In order to use CLR objects, you need to enable CLR for your instance. Then, you need to catalog, or deploy, the assembly in the database with the CREATE ASSEMBLY statement. Then, you create the aggregate functions with the CREATE AGGREGATE statement. The following code enables CLR, deploys the assembly provided with the book, and then creates the two aggregate functions. The code assumes that the assembly is stored in the C:SQL2016DevGuide folder:

EXEC sp_configure 'clr enabled', 1; 
RECONFIGURE WITH OVERRIDE; 
 
CREATE ASSEMBLY DescriptiveStatistics  
FROM 'C:SQL2016DevGuideDescriptiveStatistics.dll' 
WITH PERMISSION_SET = SAFE; 
 
CREATE AGGREGATE dbo.Skew(@s float) 
RETURNS float 
EXTERNAL NAME DescriptiveStatistics.Skew; 
 
CREATE AGGREGATE dbo.Kurt(@s float) 
RETURNS float 
EXTERNAL NAME DescriptiveStatistics.Kurt;

Once the assembly is cataloged and UDAs have been created, you can use them just like built-in aggregate functions. The following query calculates the four moments for the sum over customers of the amount ordered without tax. In a CTE, it calculates the sum of the amount per customer, and then in the outer query the average, the standard deviation, the skewness, and the kurtosis for this total:

WITH CustomerSalesCTE AS 
( 
SELECT c.Customer,  
  SUM(f.[Total Excluding Tax]) AS TotalAmount 
FROM Fact.Sale AS f 
  INNER JOIN Dimension.Customer AS c 
    ON f.[Customer Key] = c.[Customer Key] 
WHERE c.[Customer Key] <> 0  
GROUP BY c.Customer 
) 
SELECT ROUND(AVG(TotalAmount), 2) AS Average, 
  ROUND(STDEV(TotalAmount), 2) AS StandardDeviation,  
  ROUND(dbo.Skew(TotalAmount), 6) AS Skewness, 
  ROUND(dbo.Kurt(TotalAmount), 6) AS Kurtosis 
FROM CustomerSalesCTE;

Here is the result:

Average       StandardDeviation Skewness Kurtosis 
------------- ----------------- -------- ---------
270479.220000 38586.08          0.005943 -0.263897

After you have tested the UDAs, you can execute the following code to clean up your database, and potentially disable CLR. Note that you need to drop the UDAs before you drop the assembly:

DROP AGGREGATE dbo.Skew; 
DROP AGGREGATE dbo.Kurt; 
DROP ASSEMBLY DescriptiveStatistics; 
/* 
EXEC sp_configure 'clr enabled', 0; 
RECONFIGURE WITH OVERRIDE; 
*/

XML support in SQL Server

SQL Server in version 2005 also started to feature extended support for XML data inside the database engine, although some basic support was already included in version 2000. The support starts by generating XML data from tabular results. You can use the FOR XML clause of the SELECT statement for this task.

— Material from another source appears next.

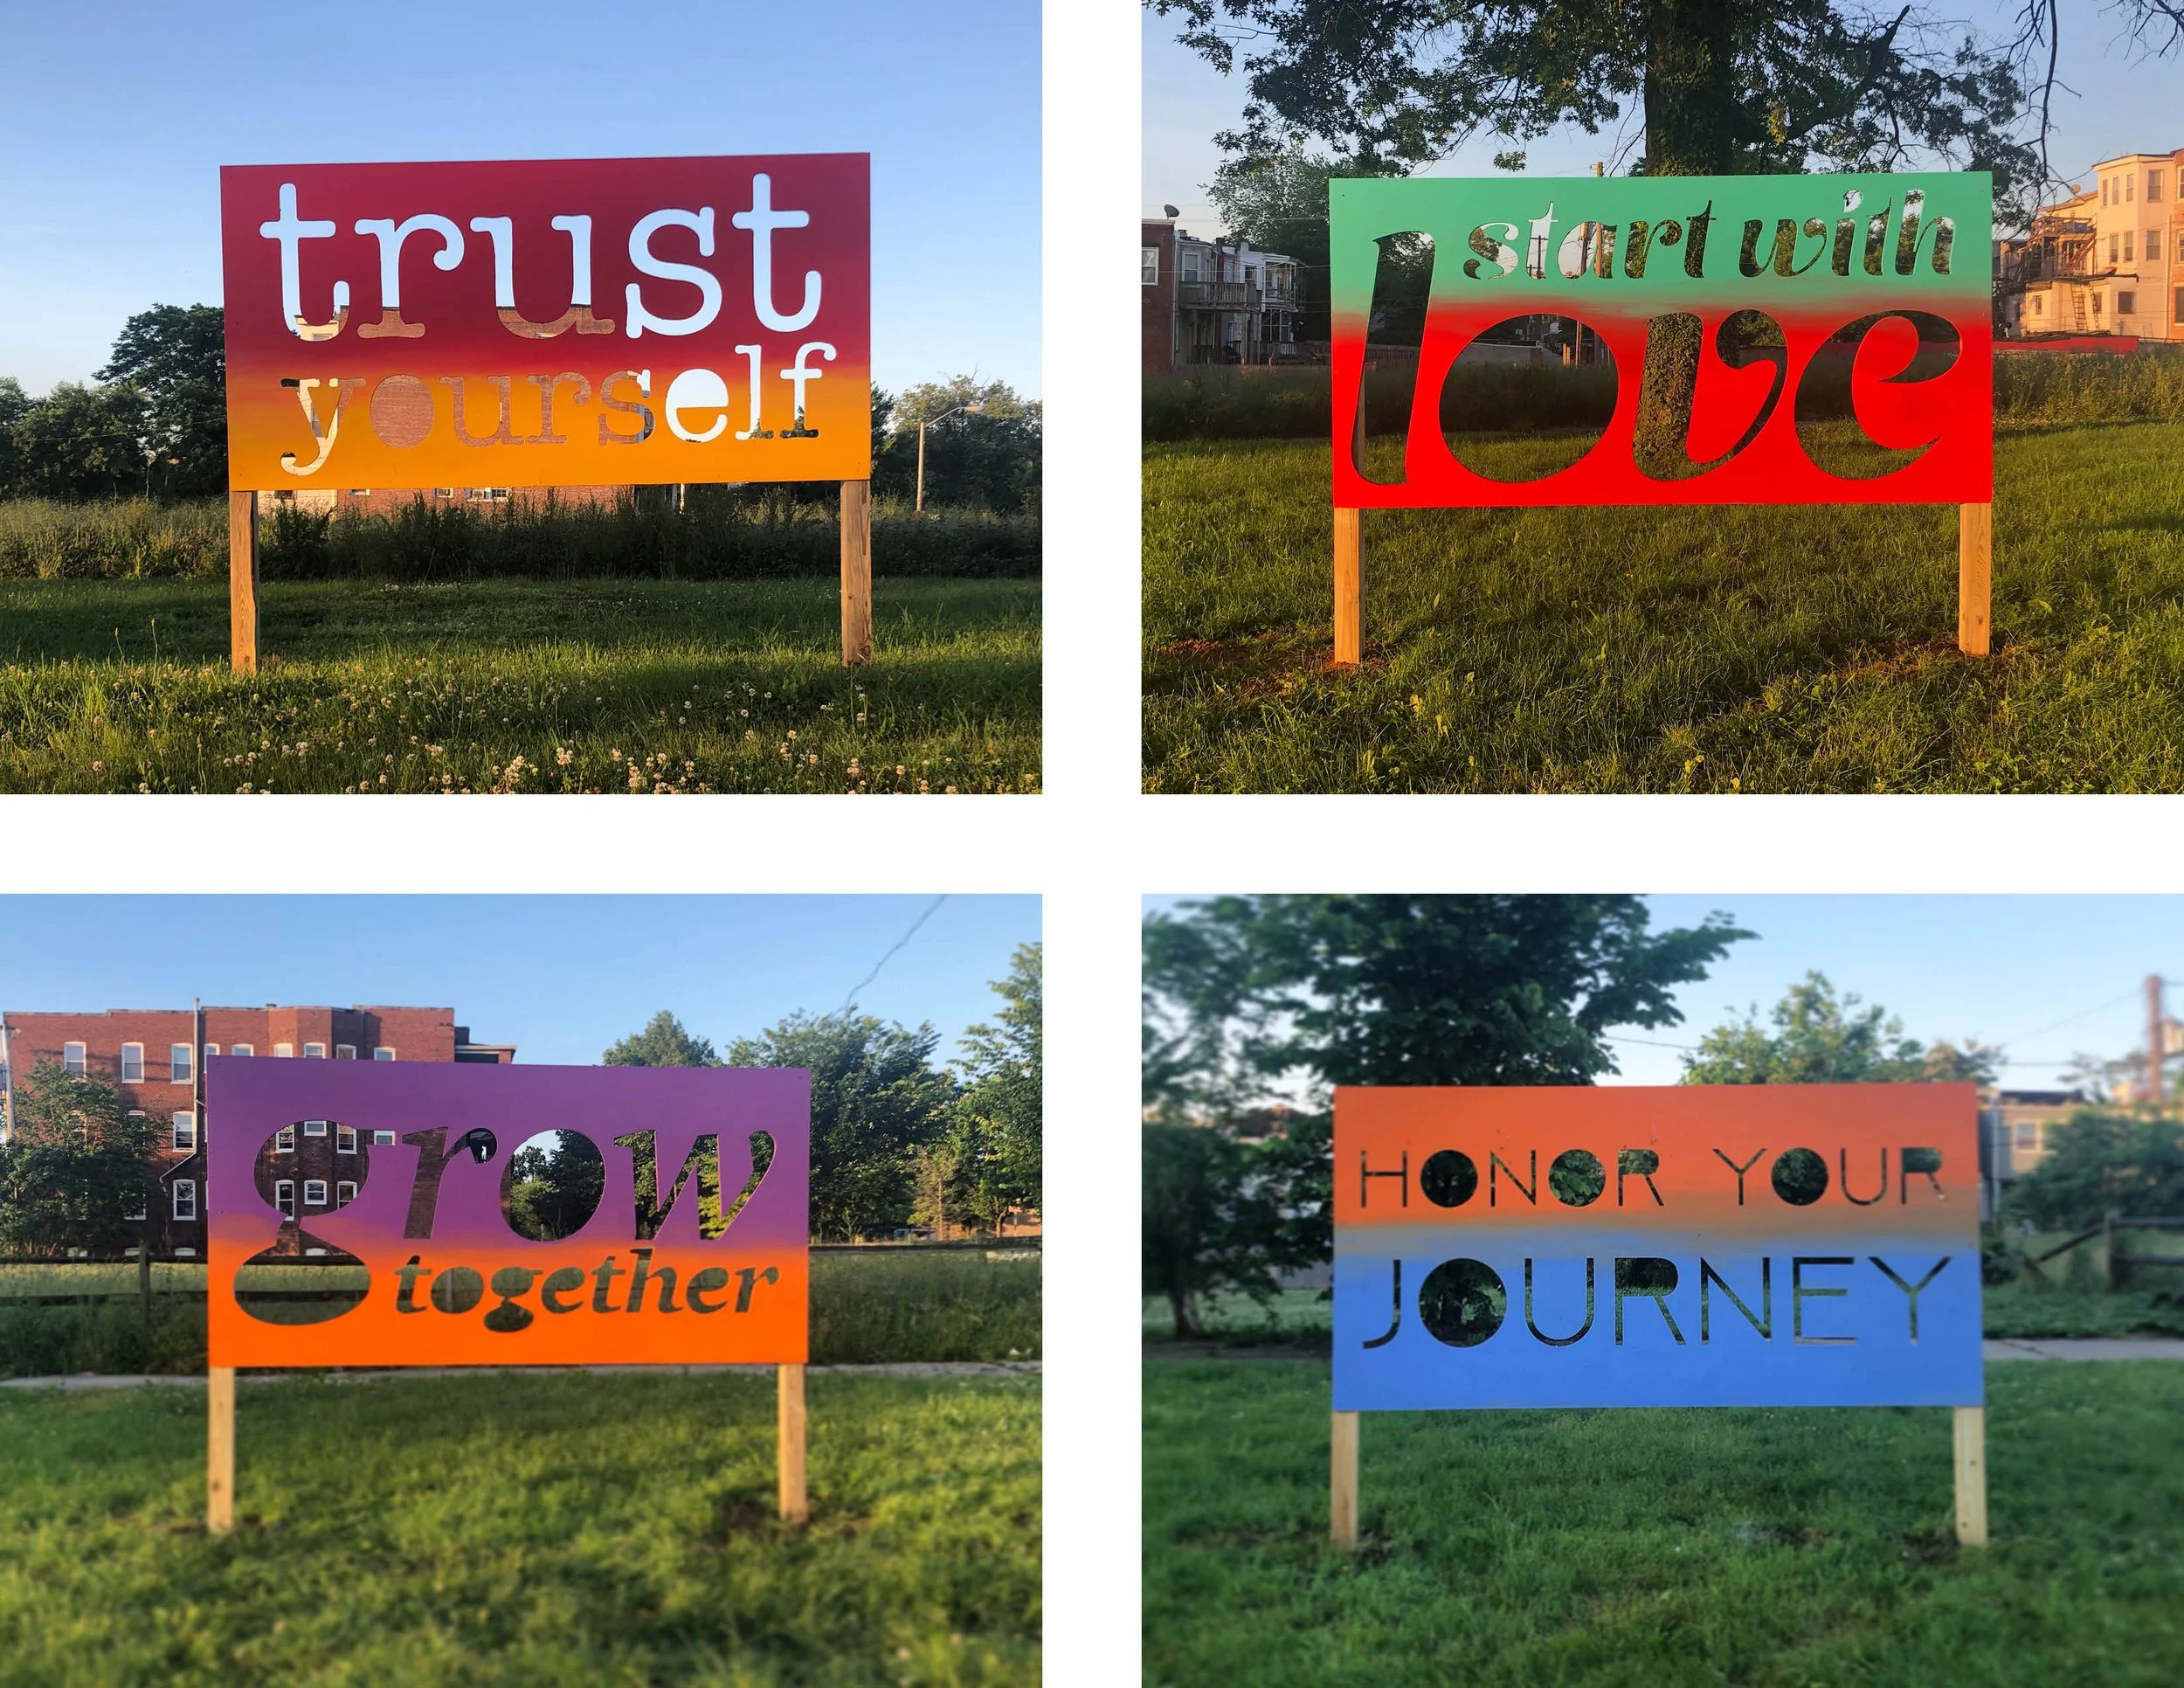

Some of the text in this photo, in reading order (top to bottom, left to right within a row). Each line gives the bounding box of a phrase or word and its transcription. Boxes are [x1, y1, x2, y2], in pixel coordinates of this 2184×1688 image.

The following query generates an XML document from the regular tabular result set by using the FOR XML clause with AUTO option, to generate an element-centric XML instance, with namespace and inline schema included:

SELECT c.[Customer Key] AS CustomerKey, 
  c.[WWI Customer ID] AS CustomerId, 
  c.[Customer],  
  c.[Buying Group] AS BuyingGroup, 
  f.Quantity, 
  f.[Total Excluding Tax] AS Amount, 
  f.Profit 
FROM Dimension.Customer AS c 
  INNER JOIN Fact.Sale AS f 
    ON c.[Customer Key] = f.[Customer Key] 
WHERE c.[Customer Key] IN (127, 128) 
FOR XML AUTO, ELEMENTS,  
  ROOT('CustomersOrders'), 
  XMLSCHEMA('CustomersOrdersSchema'); 
GO

Here is the partial result of this query. The first part of the result is the inline schema:

<CustomersOrders>
  <xsd:schema targetNamespace="CustomersOrdersSchema" ...
    <xsd:import namespace="http://schemas.microsoft.com/sqlserver
     /2004/sqltypes" ...
<xsd:element name="c">
<xsd:complexType>
    <xsd:sequence>
      <xsd:element name="CustomerKey" type="sqltypes:int" />
      <xsd:element name="CustomerId" type="sqltypes:int" />
      <xsd:element name="Customer">
        <xsd:simpleType>
          <xsd:restriction base="sqltypes:nvarchar" ...
            <xsd:maxLength value="100" />
          </xsd:restriction>
        </xsd:simpleType>
      </xsd:element>
      ...
    </xsd:sequence>
  </xsd:complexType>
</xsd:element>
</xsd:schema>
<c xmlns="CustomersOrdersSchema">
<CustomerKey>127</CustomerKey>
<CustomerId>127</CustomerId>
<Customer>Tailspin Toys (Point Roberts, WA)</Customer>
<BuyingGroup>Tailspin Toys</BuyingGroup>
<f>
<Quantity>3</Quantity>
  <Amount>48.00</Amount>
  <Profit>31.50</Profit>
</f>
<f>
<Quantity>9</Quantity>
  <Amount>2160.00</Amount>
  <Profit>1363.50</Profit>
</f>
</c>
<c xmlns="CustomersOrdersSchema">
<CustomerKey>128</CustomerKey>
<CustomerId>128</CustomerId>
<Customer>Tailspin Toys (East Portal, CO)</Customer>
<BuyingGroup>Tailspin Toys</BuyingGroup>
<f>
<Quantity>84</Quantity>
  <Amount>420.00</Amount>
  <Profit>294.00</Profit>
</f>
</c>
...
</CustomersOrders>

You can also do the opposite process: convert XML to tables. Converting XML to relational tables is known as shredding XML. You can do this by using the nodes() method of the XML data type or with the OPENXML() rowset function.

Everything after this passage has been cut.